The 90-year-old was condemned not as a Catholic clergyman, but as a democratic leader

Cardinal Joseph Zen (center) with ex-lawmaker Cyd Ho (left) after being found guilty outside the west Kowloon court in Hong Kong on Nov. 25

Cardinal Joseph Zen (center) with ex-lawmaker Cyd Ho (left) after being found guilty outside the west Kowloon court in Hong Kong on Nov. 25. (Photo: AFP)

Published: November 28, 2022 04:20 AM GMT

Updated: November 28, 2022 04:37 AM GMT

The sentence that Judge Ada Yim imposed on 90-year-old Cardinal Joseph Zen and five other exponents of the Hong Kong democratic movement on Nov. 25 can be interpreted in two different ways.

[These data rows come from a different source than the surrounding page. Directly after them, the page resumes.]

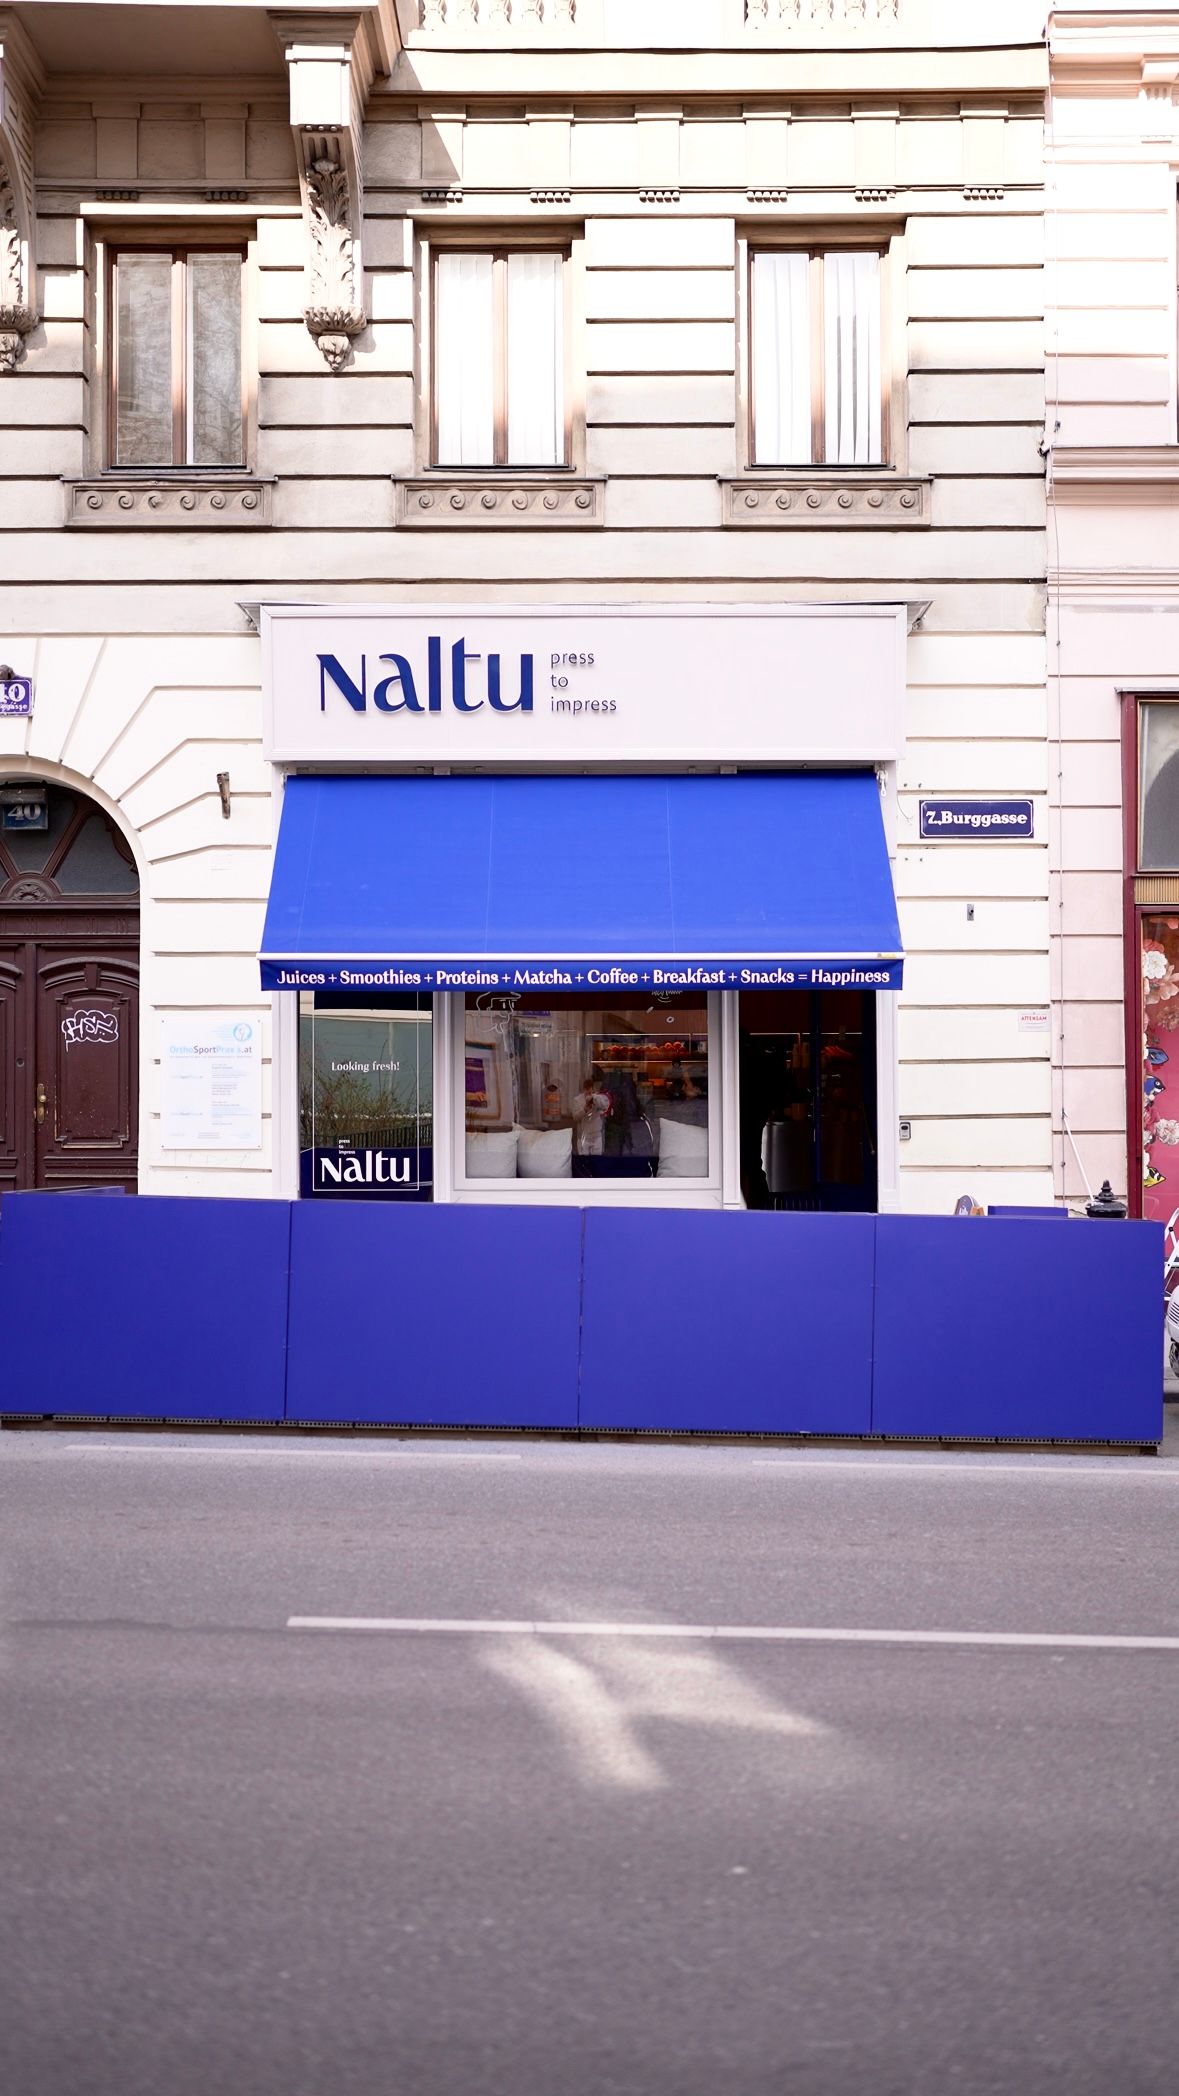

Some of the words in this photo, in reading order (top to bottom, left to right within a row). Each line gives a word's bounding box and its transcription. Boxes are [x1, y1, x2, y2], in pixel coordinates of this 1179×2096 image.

[550, 652, 595, 668] press
[316, 636, 534, 712] Naltu
[550, 674, 569, 687] to
[550, 696, 617, 714] impress
[8, 804, 41, 820] 40
[277, 970, 325, 985] Juices
[339, 969, 421, 985] Smoothies
[436, 970, 499, 985] Proteins
[513, 969, 572, 985] Matcha
[587, 968, 638, 984] Coffee
[653, 968, 726, 984] Breakfast
[740, 968, 795, 984] Snacks
[811, 968, 890, 986] Happiness
[169, 1045, 253, 1055] OrthoSportPraxs.at
[331, 1060, 370, 1073] Looking
[372, 1060, 400, 1071] fresh!
[320, 1150, 410, 1182] Naltu
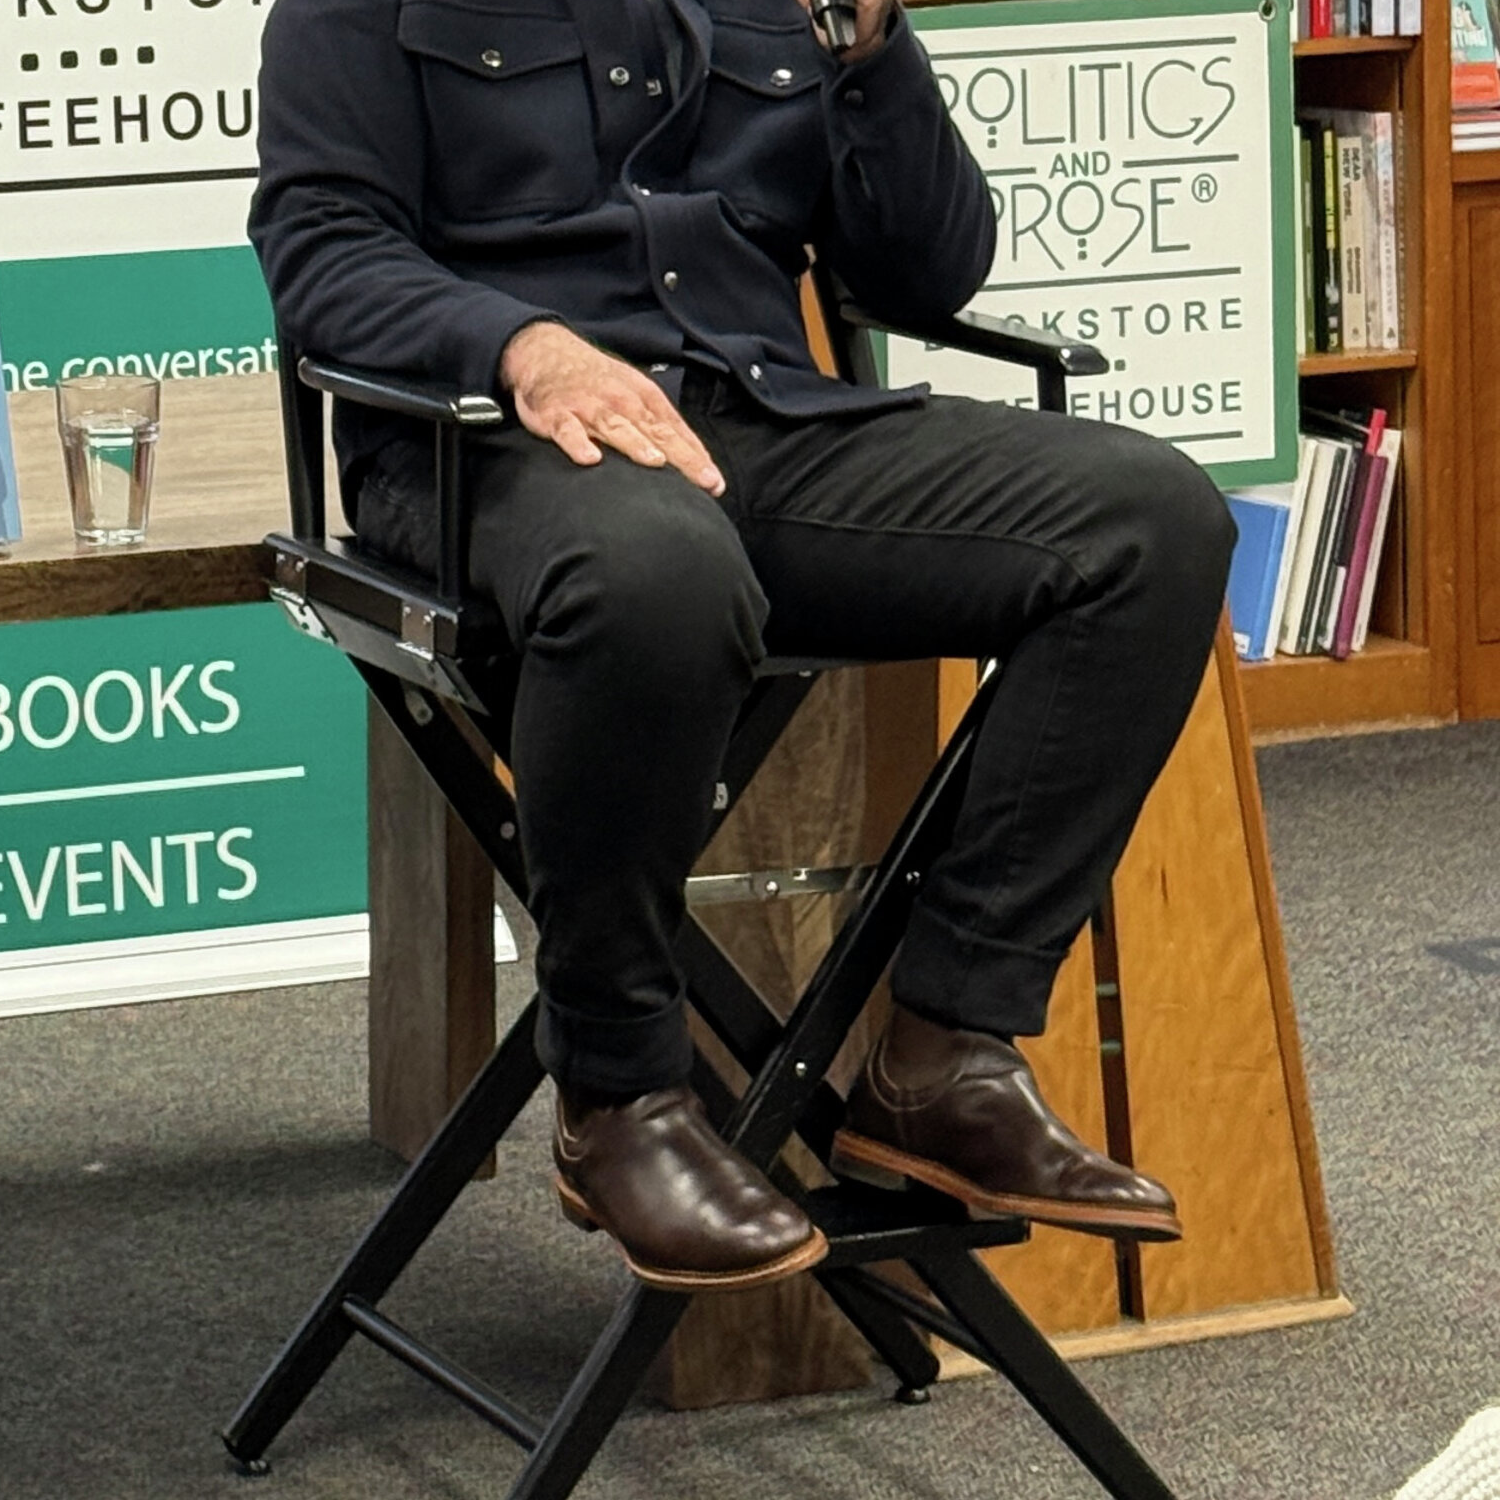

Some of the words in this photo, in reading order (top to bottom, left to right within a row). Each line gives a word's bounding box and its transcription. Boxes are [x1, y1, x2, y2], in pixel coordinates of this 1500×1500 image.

[1048, 151, 1111, 180] AND
[1004, 297, 1244, 339] KSTORE
[61, 337, 278, 384] conversat
[1014, 380, 1244, 421] EHOUSE

Many in Hong Kong consider it as an intimidation measure, aimed at sending a warning to those who have believed and hoped in democracy. After all, there was a guilty sentence, and it was against a popular religious leader, an unprecedented fact for Hong Kong.

On the other hand, one can read in the modest size of the fine, HK$4,000 (about US$510), the will to close in a low-profile manner a story that was proving to be embarrassing for the Hong Kong police, judiciary and political authorities.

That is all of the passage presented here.